The data below is to be repeated in full, exactly as shown.

......

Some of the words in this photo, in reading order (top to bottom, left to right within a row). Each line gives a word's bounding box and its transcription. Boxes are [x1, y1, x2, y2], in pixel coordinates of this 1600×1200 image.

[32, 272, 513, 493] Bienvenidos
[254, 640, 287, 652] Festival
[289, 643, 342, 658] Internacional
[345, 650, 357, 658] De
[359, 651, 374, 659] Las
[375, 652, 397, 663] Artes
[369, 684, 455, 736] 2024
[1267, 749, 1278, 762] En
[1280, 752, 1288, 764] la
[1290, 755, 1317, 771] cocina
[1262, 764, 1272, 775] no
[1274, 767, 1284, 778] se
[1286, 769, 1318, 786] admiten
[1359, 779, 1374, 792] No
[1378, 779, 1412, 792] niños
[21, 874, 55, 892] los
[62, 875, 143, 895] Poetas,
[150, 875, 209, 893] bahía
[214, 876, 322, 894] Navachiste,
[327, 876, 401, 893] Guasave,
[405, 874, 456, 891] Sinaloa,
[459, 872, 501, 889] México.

......

### Expected answer
Some of the words in this photo, in reading order (top to bottom, left to right within a row). Each line gives a word's bounding box and its transcription. Boxes are [x1, y1, x2, y2], in pixel coordinates of this 1600×1200 image.

[32, 272, 513, 493] Bienvenidos
[254, 640, 287, 652] Festival
[289, 643, 342, 658] Internacional
[345, 650, 357, 658] De
[359, 651, 374, 659] Las
[375, 652, 397, 663] Artes
[369, 684, 455, 736] 2024
[1267, 749, 1278, 762] En
[1280, 752, 1288, 764] la
[1290, 755, 1317, 771] cocina
[1262, 764, 1272, 775] no
[1274, 767, 1284, 778] se
[1286, 769, 1318, 786] admiten
[1359, 779, 1374, 792] No
[1378, 779, 1412, 792] niños
[21, 874, 55, 892] los
[62, 875, 143, 895] Poetas,
[150, 875, 209, 893] bahía
[214, 876, 322, 894] Navachiste,
[327, 876, 401, 893] Guasave,
[405, 874, 456, 891] Sinaloa,
[459, 872, 501, 889] México.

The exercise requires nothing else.